The expected copy holds every entry exactly and none of the pictures.

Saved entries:
========

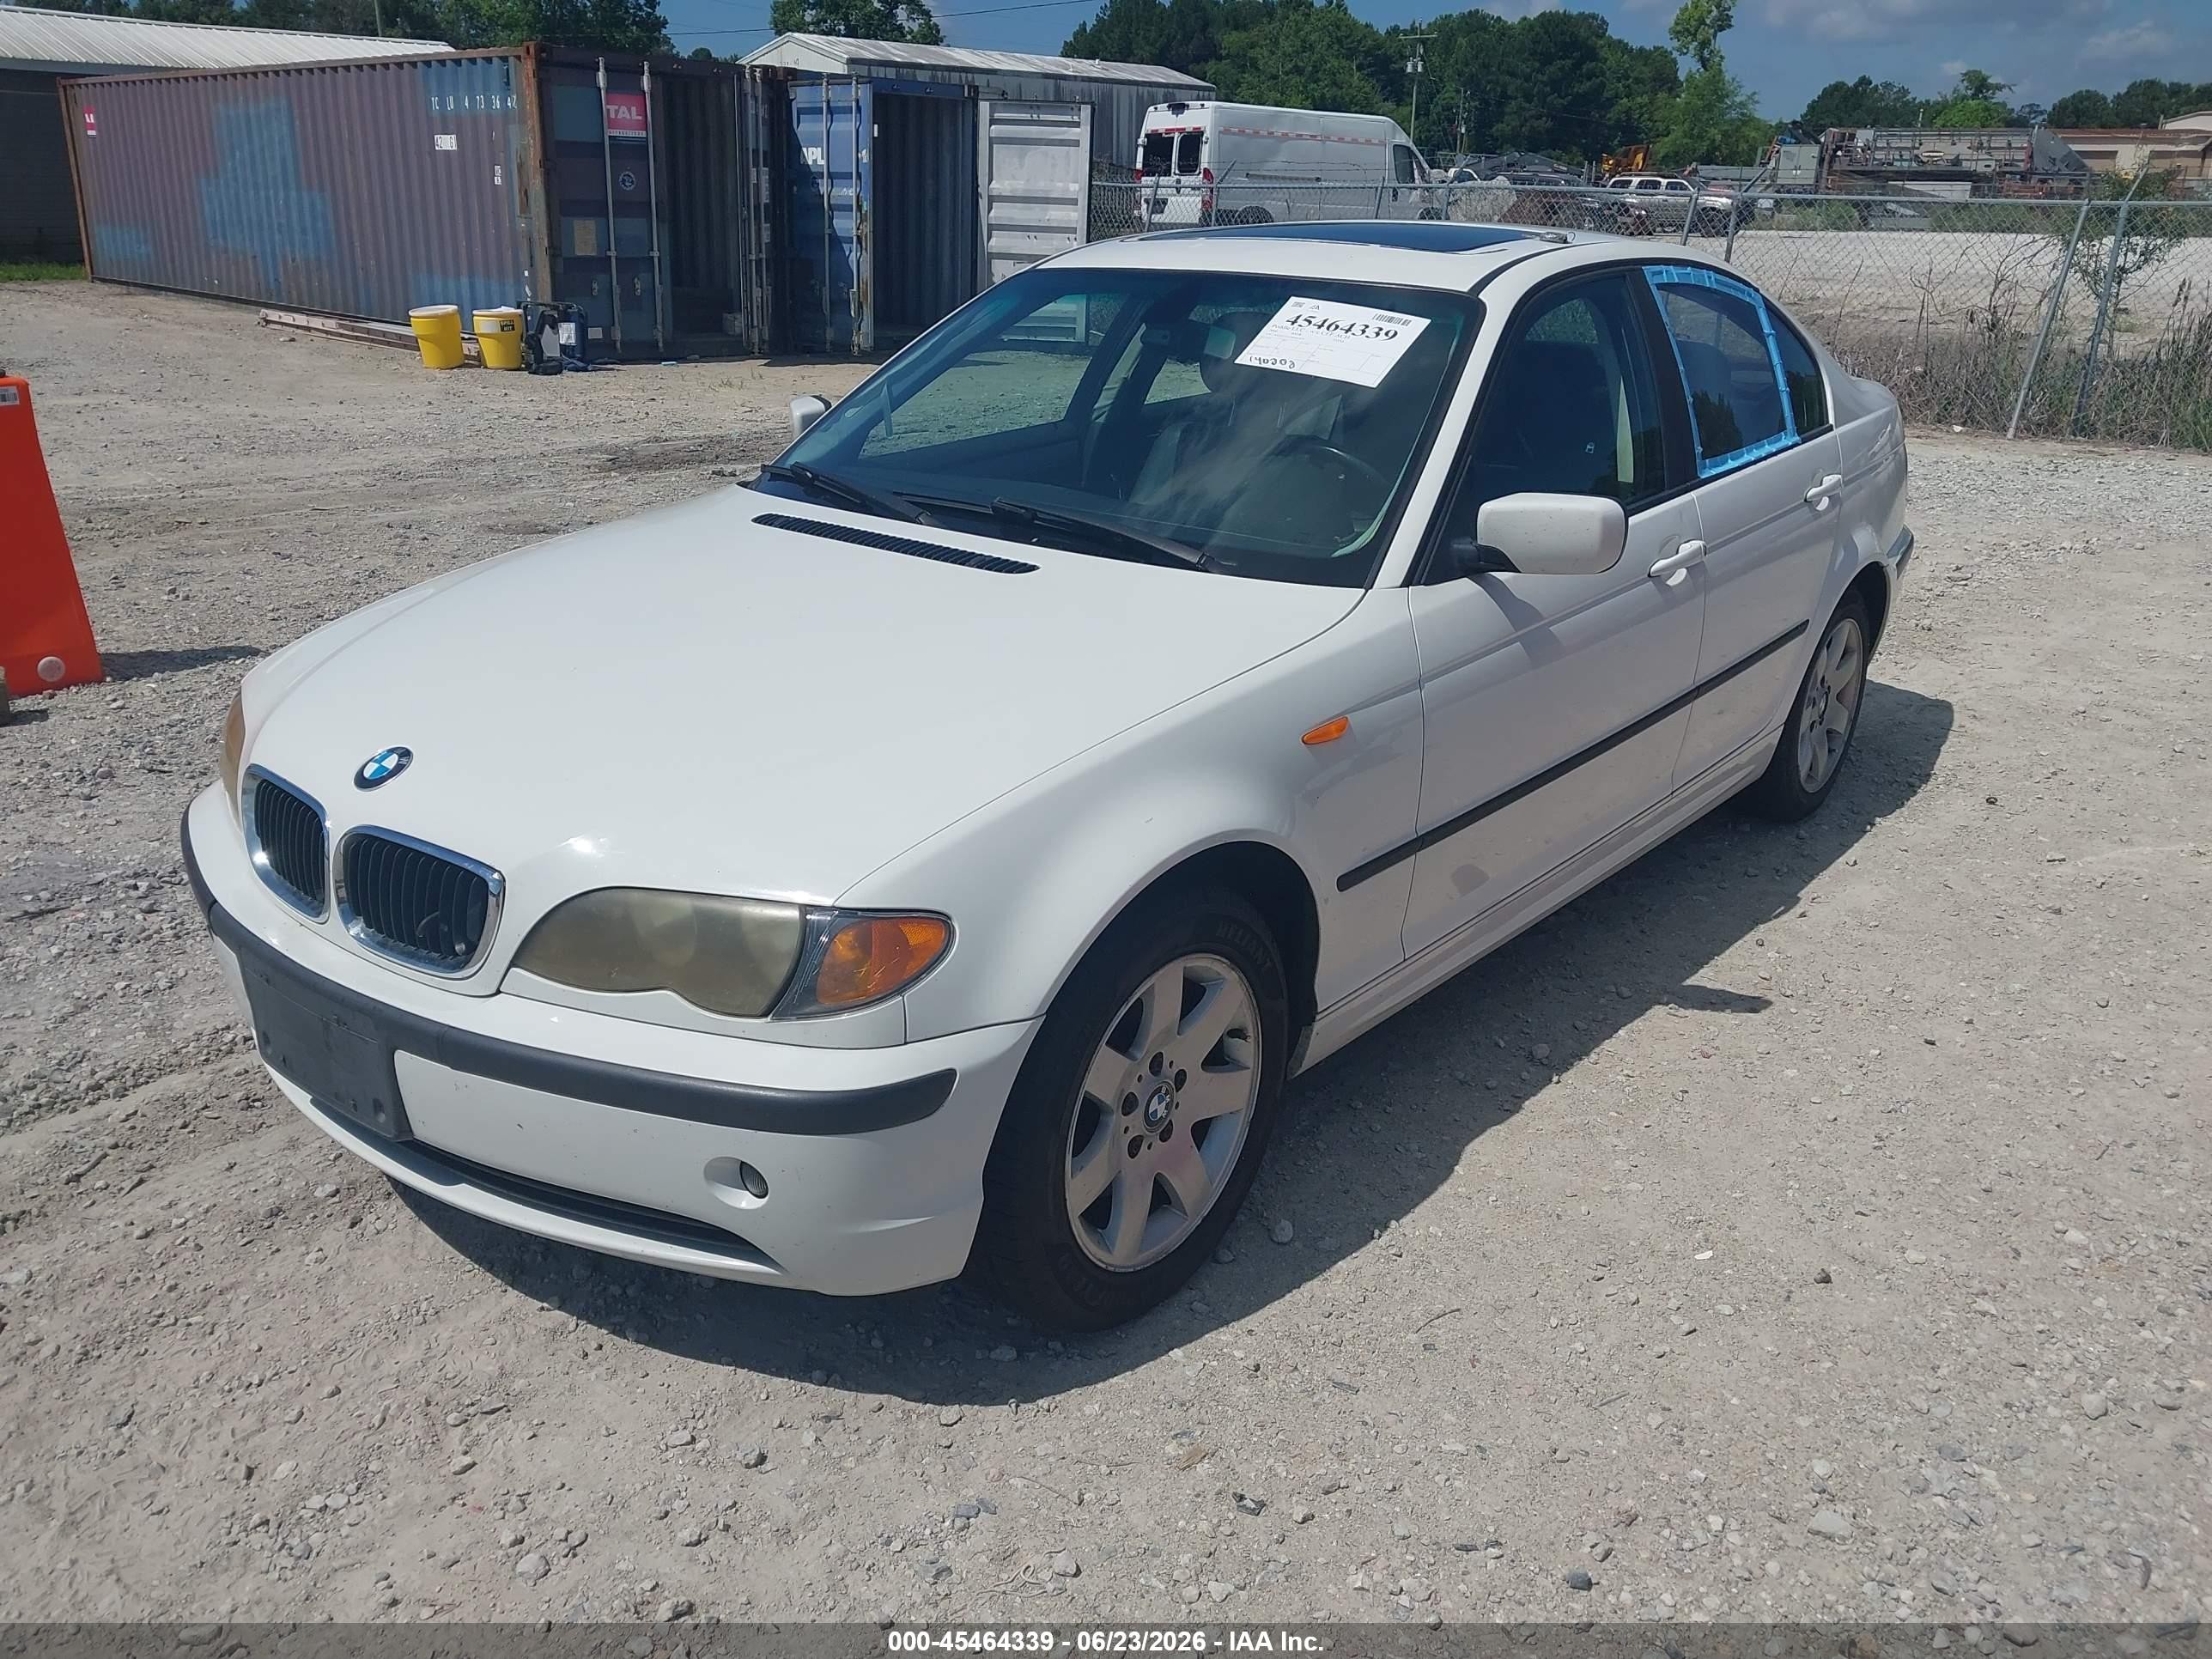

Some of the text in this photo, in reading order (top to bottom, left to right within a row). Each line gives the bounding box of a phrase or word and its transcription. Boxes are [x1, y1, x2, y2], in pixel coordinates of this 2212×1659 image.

[606, 105, 642, 119] TAL
[799, 147, 825, 165] APL
[1285, 313, 1399, 342] 45464339
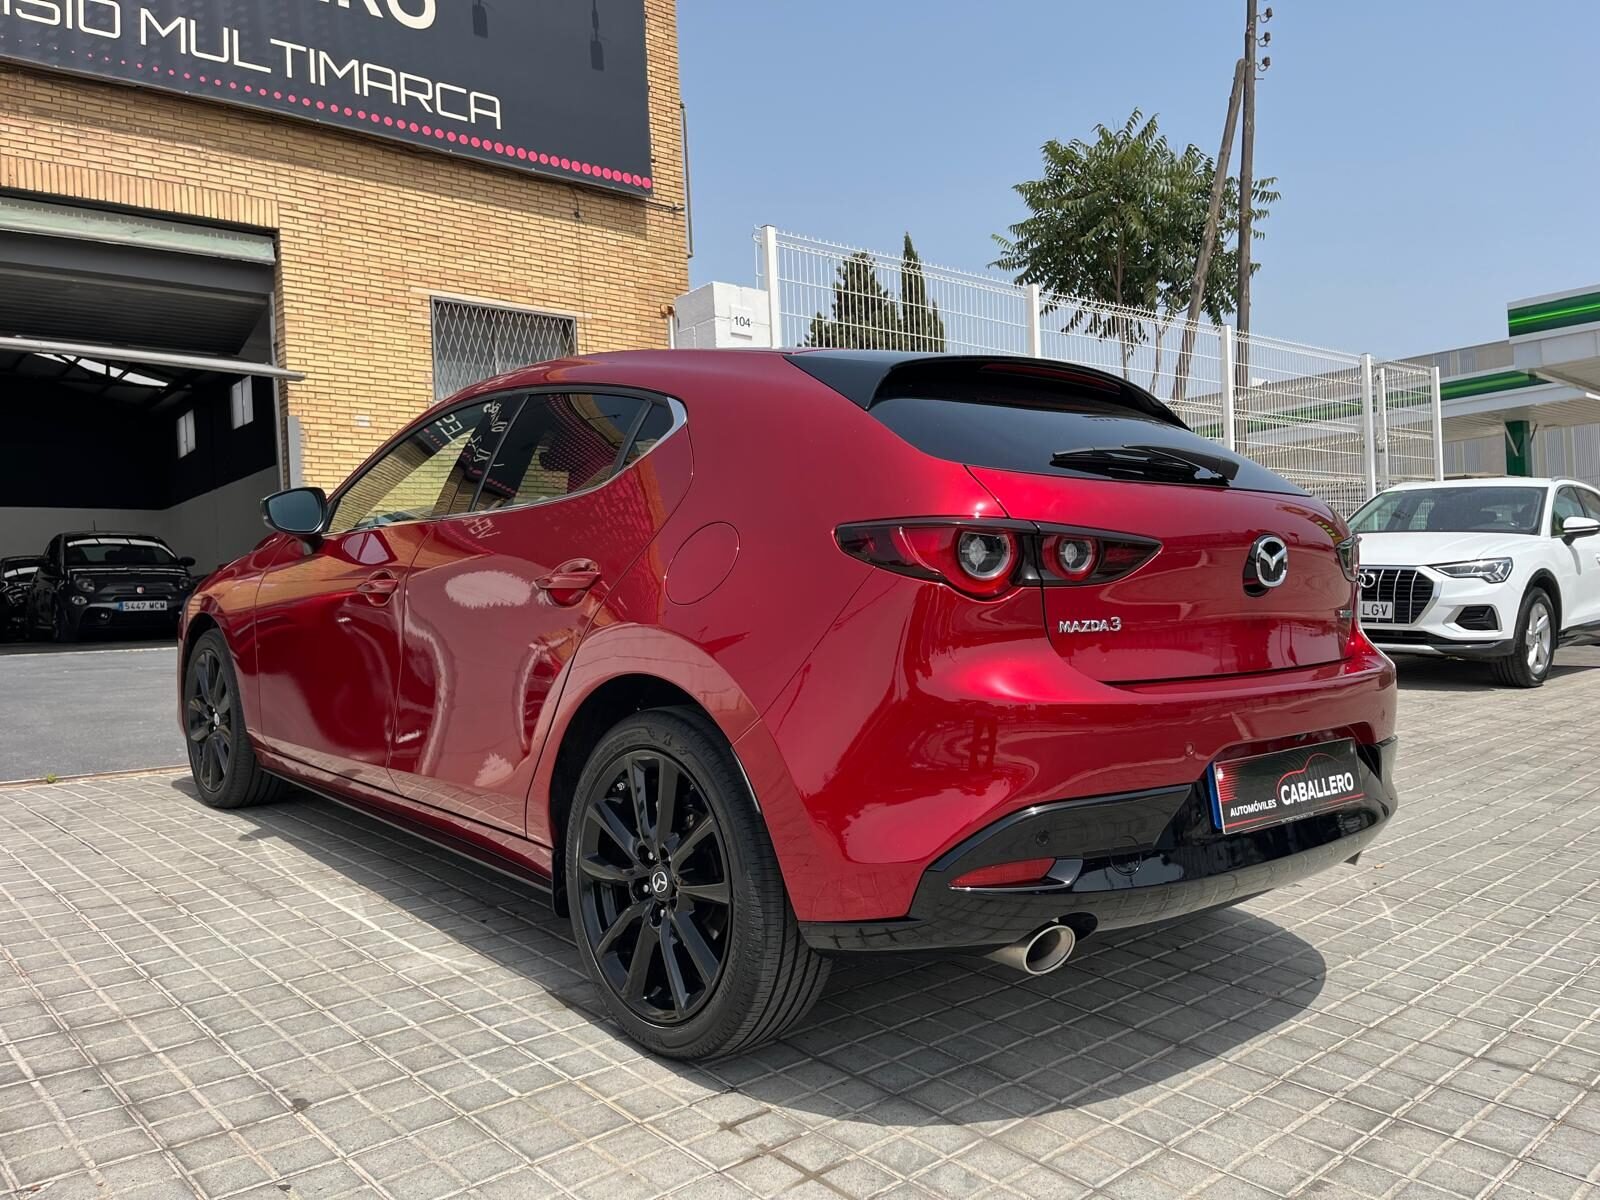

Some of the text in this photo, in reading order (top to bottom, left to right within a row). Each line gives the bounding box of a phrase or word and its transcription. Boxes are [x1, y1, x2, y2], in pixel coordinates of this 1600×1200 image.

[3, 0, 502, 130] SIO MULTIMARCA
[734, 315, 751, 328] 104
[1362, 603, 1389, 617] LGV
[1058, 616, 1122, 633] MAZDA3
[1280, 772, 1354, 806] CABALLERO
[1230, 798, 1277, 817] AUTOMÓVILES

========

* [RESPONSE TO THIS TASK]:
Some of the text in this photo, in reading order (top to bottom, left to right within a row). Each line gives the bounding box of a phrase or word and its transcription. Boxes are [x1, y1, x2, y2], in pixel coordinates of this 2212×1659 image.

[606, 105, 642, 119] TAL
[799, 147, 825, 165] APL
[1285, 313, 1399, 342] 45464339

Some of the text in this photo, in reading order (top to bottom, left to right within a row). Each line gives the bounding box of a phrase or word and its transcription. Boxes are [x1, y1, x2, y2], in pixel coordinates of this 1600×1200 image.

[3, 0, 502, 130] SIO MULTIMARCA
[734, 315, 751, 328] 104
[1362, 603, 1389, 617] LGV
[1058, 616, 1122, 633] MAZDA3
[1280, 772, 1354, 806] CABALLERO
[1230, 798, 1277, 817] AUTOMÓVILES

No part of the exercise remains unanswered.